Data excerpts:
Content starts

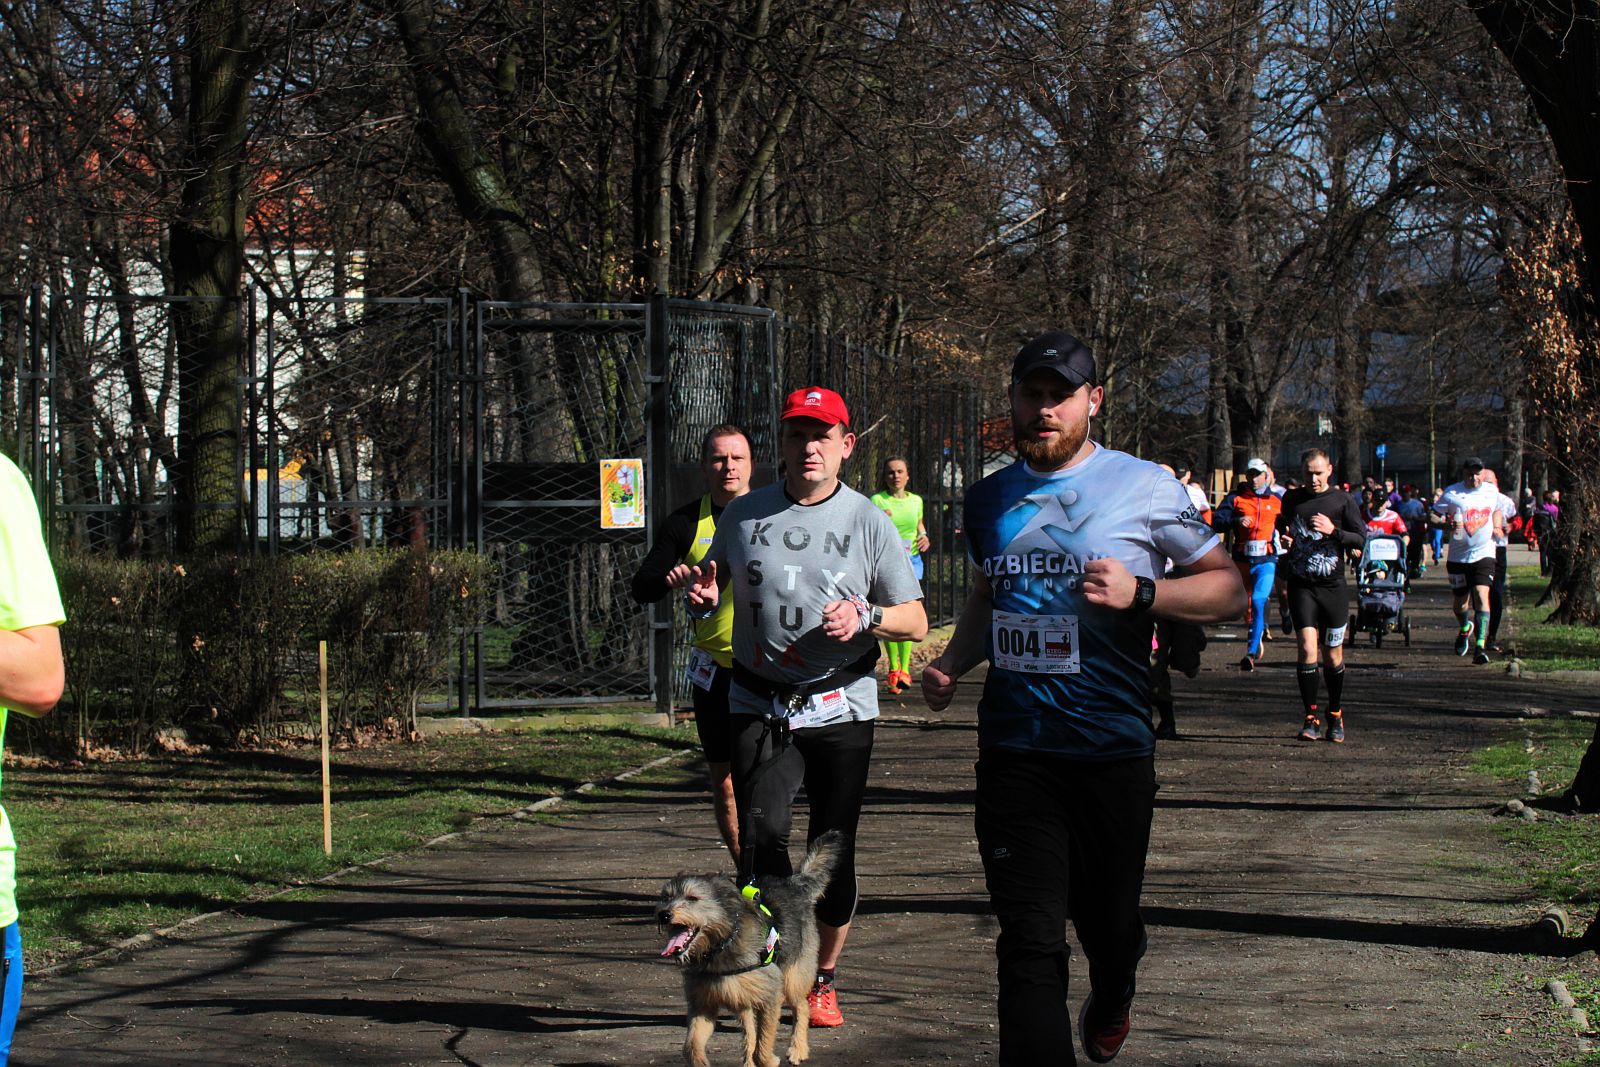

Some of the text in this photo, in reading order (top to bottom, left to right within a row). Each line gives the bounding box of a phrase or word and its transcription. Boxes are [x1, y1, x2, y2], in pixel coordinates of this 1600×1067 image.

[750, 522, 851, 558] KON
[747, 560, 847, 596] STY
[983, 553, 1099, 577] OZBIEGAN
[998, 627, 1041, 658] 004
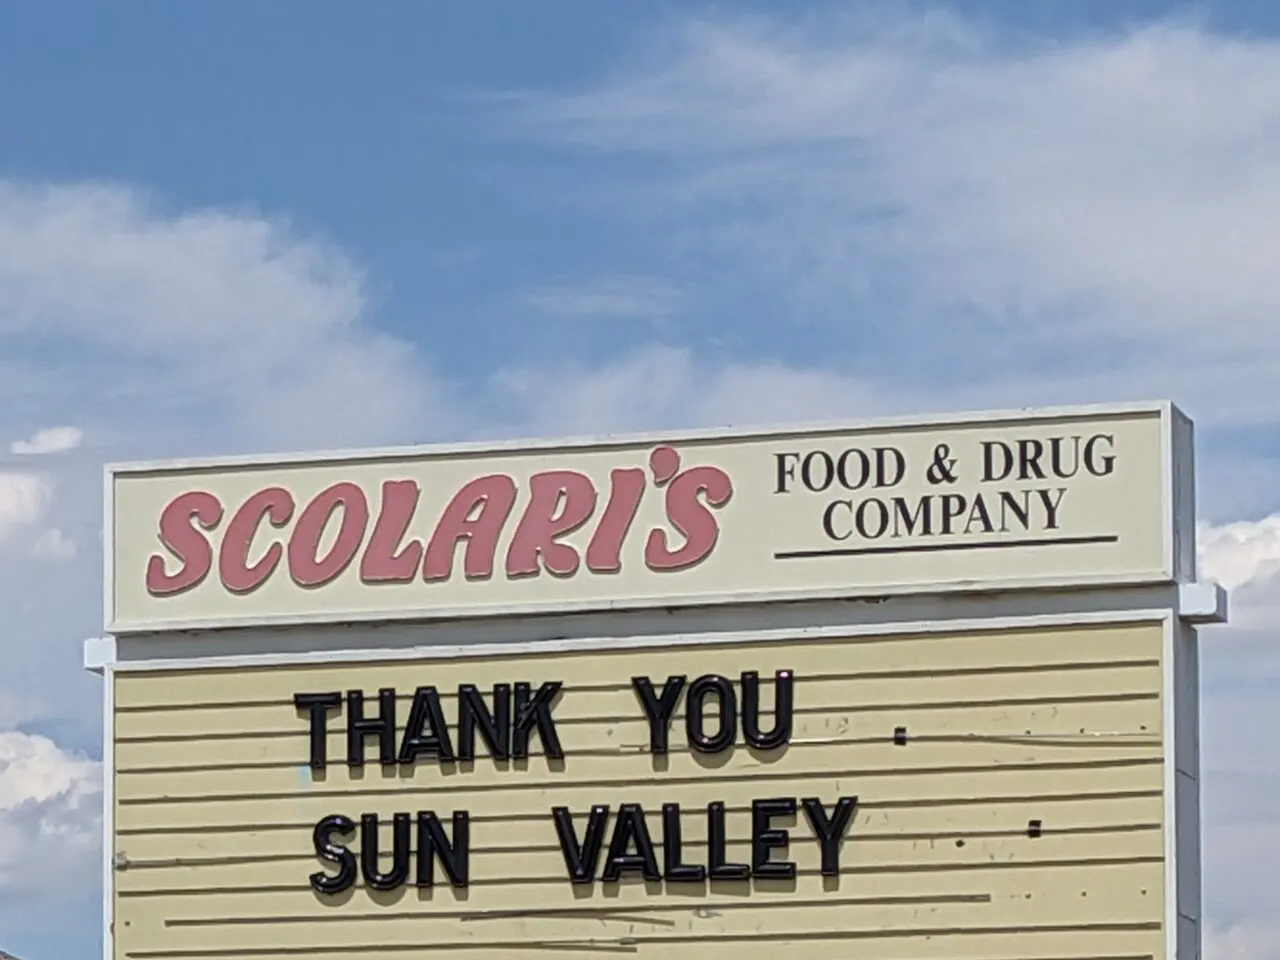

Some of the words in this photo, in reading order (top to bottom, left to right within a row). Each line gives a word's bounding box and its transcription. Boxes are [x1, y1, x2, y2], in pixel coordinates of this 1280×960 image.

Content ends
Content starts

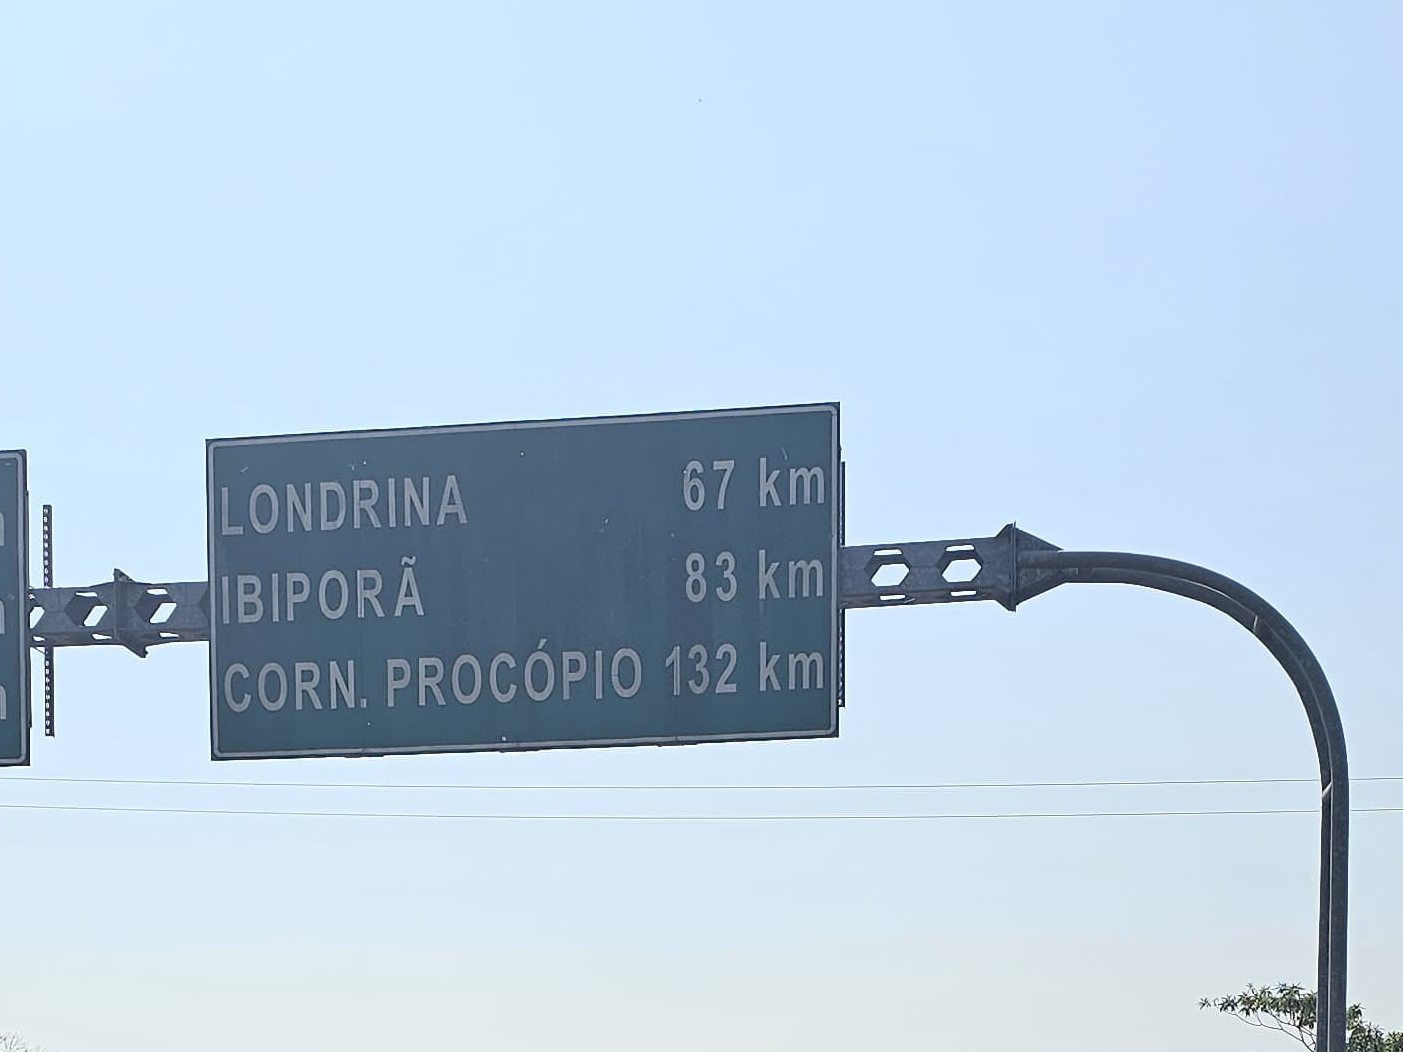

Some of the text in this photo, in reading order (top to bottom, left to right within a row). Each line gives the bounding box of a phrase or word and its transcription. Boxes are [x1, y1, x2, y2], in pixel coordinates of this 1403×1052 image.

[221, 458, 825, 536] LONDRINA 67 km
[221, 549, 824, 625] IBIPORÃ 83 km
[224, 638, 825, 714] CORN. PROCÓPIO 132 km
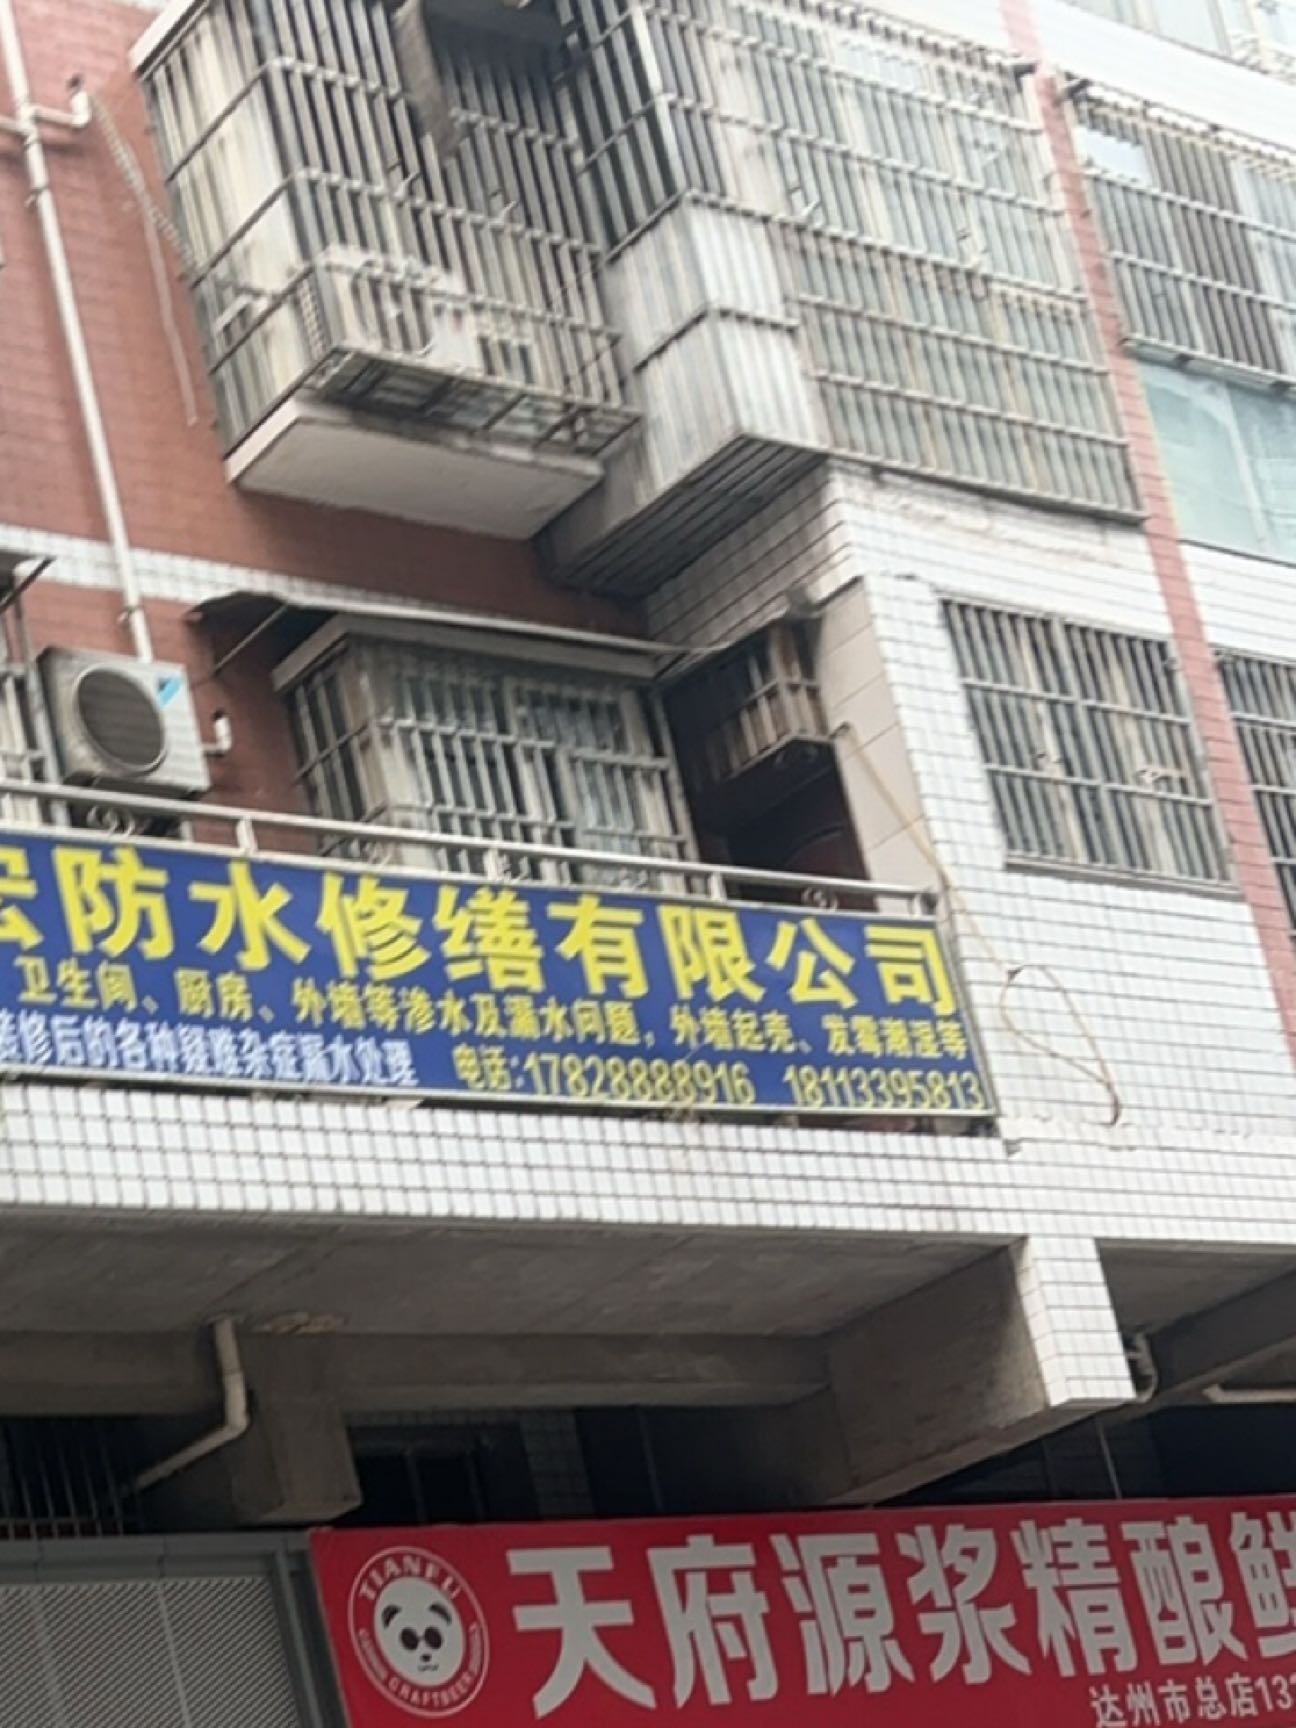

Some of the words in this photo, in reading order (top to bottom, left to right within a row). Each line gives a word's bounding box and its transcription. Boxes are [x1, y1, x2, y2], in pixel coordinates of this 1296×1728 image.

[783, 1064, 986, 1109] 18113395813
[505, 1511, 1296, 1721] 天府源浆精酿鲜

Content ends

:: Your goal ::
Transcribe, word for word, the stretch of lines in the data above from the one with "this 1600×1067 image." through the one with "this 1280×960 image."; omit all pictures.

:: Task result ::
Some of the text in this photo, in reading order (top to bottom, left to right within a row). Each line gives the bounding box of a phrase or word and its transcription. Boxes are [x1, y1, x2, y2], in pixel coordinates of this 1600×1067 image.

[750, 522, 851, 558] KON
[747, 560, 847, 596] STY
[983, 553, 1099, 577] OZBIEGAN
[998, 627, 1041, 658] 004

Some of the words in this photo, in reading order (top to bottom, left to right within a row). Each line gives a word's bounding box and its transcription. Boxes are [x1, y1, x2, y2], in pixel coordinates of this 1280×960 image.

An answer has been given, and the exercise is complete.